Problem statement >> Repeat the following entries verbatim, apart from the pictures.
Segment Start: The input
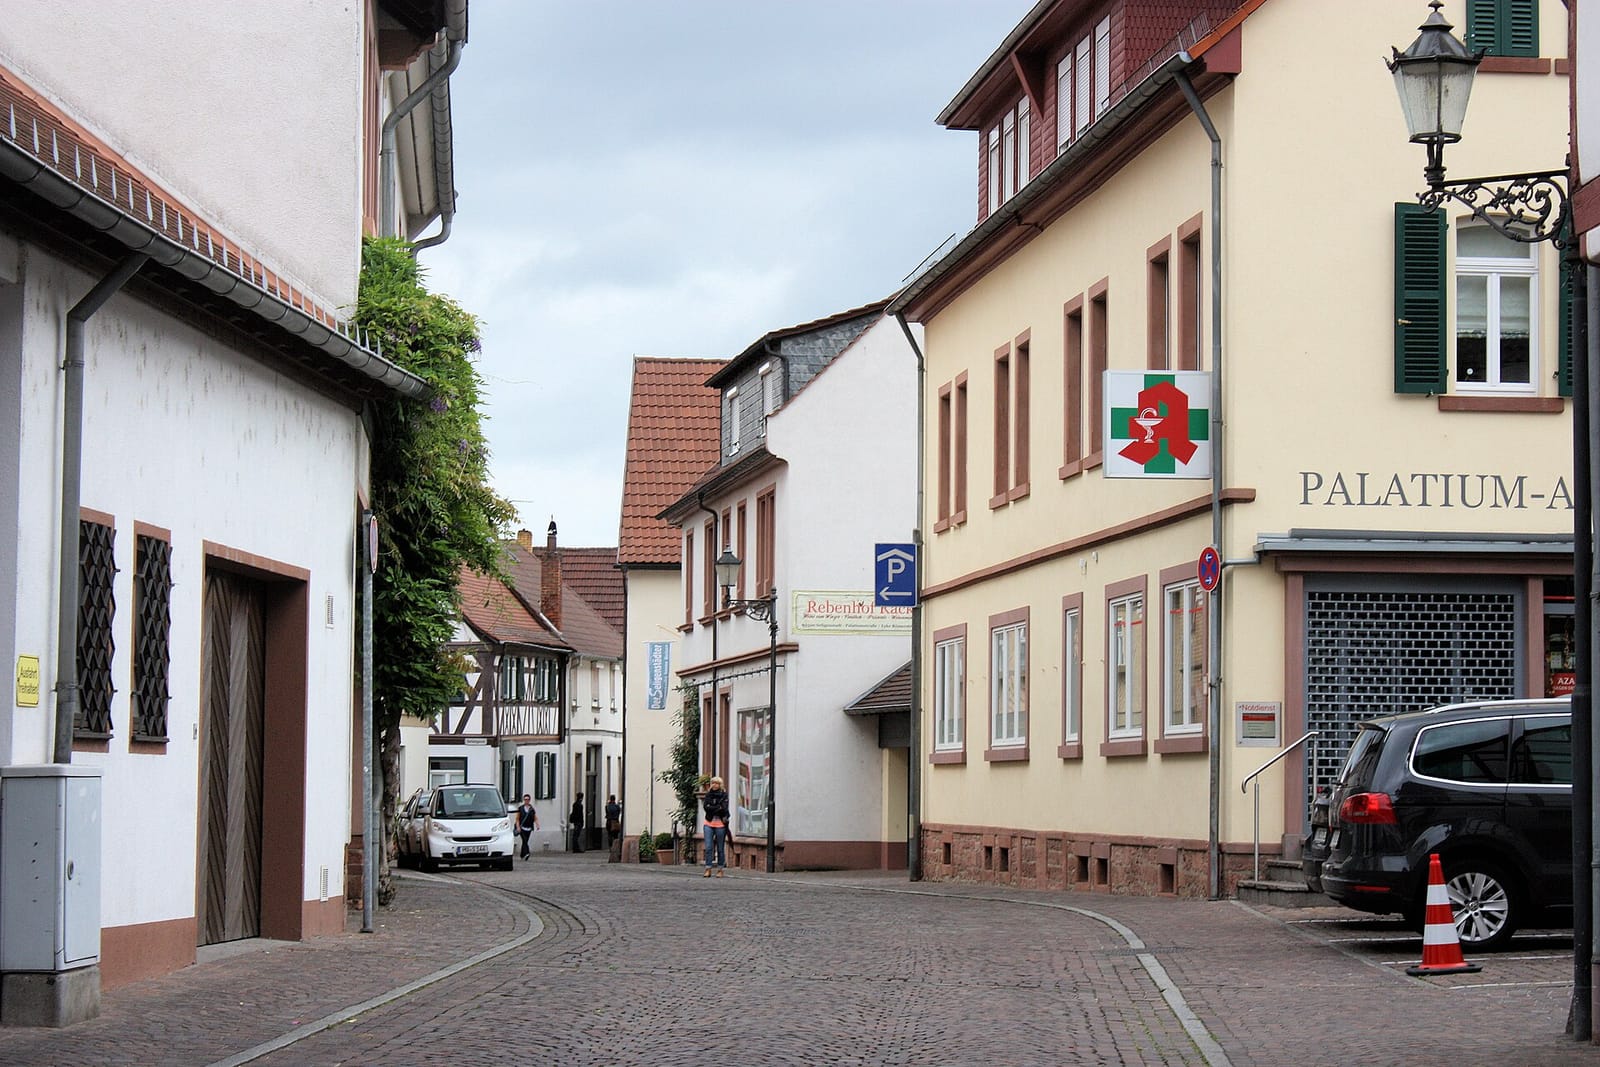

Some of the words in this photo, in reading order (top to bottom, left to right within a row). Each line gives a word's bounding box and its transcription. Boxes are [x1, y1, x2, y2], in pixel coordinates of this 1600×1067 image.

[1299, 471, 1574, 510] PALATIUM-A
[887, 558, 906, 583] P
[807, 599, 875, 614] Rebenhof
[1241, 703, 1276, 711] Notdienst
Segment End: The input
Exercise response >>
Some of the words in this photo, in reading order (top to bottom, left to right within a row). Each line gives a word's bounding box and its transcription. Boxes are [x1, y1, x2, y2], in pixel coordinates of this 1600×1067 image.

[1299, 471, 1574, 510] PALATIUM-A
[887, 558, 906, 583] P
[807, 599, 875, 614] Rebenhof
[1241, 703, 1276, 711] Notdienst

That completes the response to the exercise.